«Hace
un año, por este tiempo, me hallaba yo en Sigüenza; una tierra muy roja, por la
cual cabalgó Rodrigo, llamado Mi Señor, cuando venía de Atienza, una peña muy
fuerte. Hay allí una vieja catedral de planta románica con dos torres foscas,
almenadas, dos castillos guerreros, construidos para dominar en la tierra,
llenos de pesadumbre, con sus cuatro paredes lisas, sin aspiraciones
irrealizables. Posee aquel terreno un relieve tan rico de planos que, a la luz
temblorosa del amanecer, tomaba una ondulación de mar potente, y la catedral,
toda oliveña y rosa, me parecía una nave que sobre aquel mar castizo venía a
traerme la tradición religiosa de mi raza condensada en el viril de su tabernáculo».
(Ortega y Gasset)
El párrafo que destaco pertenece a un artículo del
maestro Ortega y Gasset publicado en "El Imparcial" el 24 de julio de
1911, con el título "Arte de este mundo y del otro". Hoy, más de una
vida por medio, la visión de Sigüenza se corresponde casi toda ella con lo que
el insigne pensador nos dejó escrito; mucho, por cierto, sobre estos campos
adustos del Alto Henares, y en general sobre la franja norteña de la provincia
de Guadalajara en donde todavía se conserva, etérea, pero real, la impronta del
Campeador.
Desde Imón hasta Sigüenza las tierras van dejando de ser
rojas paulatinamente a partir del torreón de Señigo, que ya no existe; no
obstante, todavía quiere verse el tono sanguino del campo en las barbecheras
que bajan de los cerros, desde los cerros mondos y grises que rodean a
Sigüenza, donde los agricultores se emplean en hurgar con las rejas de sus
maquinarias las pequeñas parcelas.
Perdona, lector, que vuelva a insistir sobre un asunto
que no me acaba de gustar y mucho menos de convencer, que me enfada y
entristece cada vez que paso por aquí; y es que en las calles de estos pueblos
que nos acercan a Sigüenza, como en otros de su entorno, más al norte, algún
poderoso con carácter oficial empleó el dinero de todos en confundir a la
gente. “Ruta de don Quijote” han colocado a centenares en indicadores de
carreteras y en las esquinas de casi todas las calles. ¿A qué Quijote se
refieren?, me pregunto yo.

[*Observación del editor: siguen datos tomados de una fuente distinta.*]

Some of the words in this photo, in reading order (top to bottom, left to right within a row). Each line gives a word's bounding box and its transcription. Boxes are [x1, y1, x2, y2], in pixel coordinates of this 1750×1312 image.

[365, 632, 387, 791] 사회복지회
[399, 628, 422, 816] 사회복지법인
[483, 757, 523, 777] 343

Al de Cervantes, es seguro que no; y al de
Avellaneda es hasta muy posible que
tampoco. Sigüenza, la histórica Sigüenza, sí, al apócrifo referido en segundo
lugar. La “Ruta de Don Quijote” está definida y todos sabemos muy bien adonde
está, y no es ésta precisamente, es otra de reconocido interés paisajístico y
literario, que viene a estar a trescientos kilómetros de distancia más al sur,
en la mitad más meridional de nuestra comunicad autónoma, es decir, en la
comarca manchega, detalle que supongo debería conocer el iluminado promotor de
la idea.
Sigüenza, cinco de la tarde
Al abrir la tarde, la ciudad se ofrece al visitante bajo
su uniforme caparazón de tonalidades bermejas, destacando en mitad, no sé si
como una nave gigantesca o como una torre de babel, la fachada de la catedral
con forma de castillo. Unos cuantos obreros trabajan en la carretera con
máquinas de las que mueven la tierra. Abajo los vagones del ferrocarril; al
fondo el castillo de los obispos convertido en parador nacional, y en medio,
Sigüenza, con sus plazuelas recónditas y los pináculos de sus iglesias
encendidos por el sol de las cinco, con sus arquillos y sus soportales; con sus
calles pinas, henchidas de un singular encanto e invitan a quedarse allí; con
su historia, son su arte, con su leyenda, con sus gentes… Con sus pocas gentes;
pues el verano pasó para Sigüenza y en estas tardes de octubre apenas quedan
los que son, y no son tantos.
A la sombra de los árboles casi desnudos en el parque de
la Alameda, hay grupos de hombres jugando animadamente una partida de cartas.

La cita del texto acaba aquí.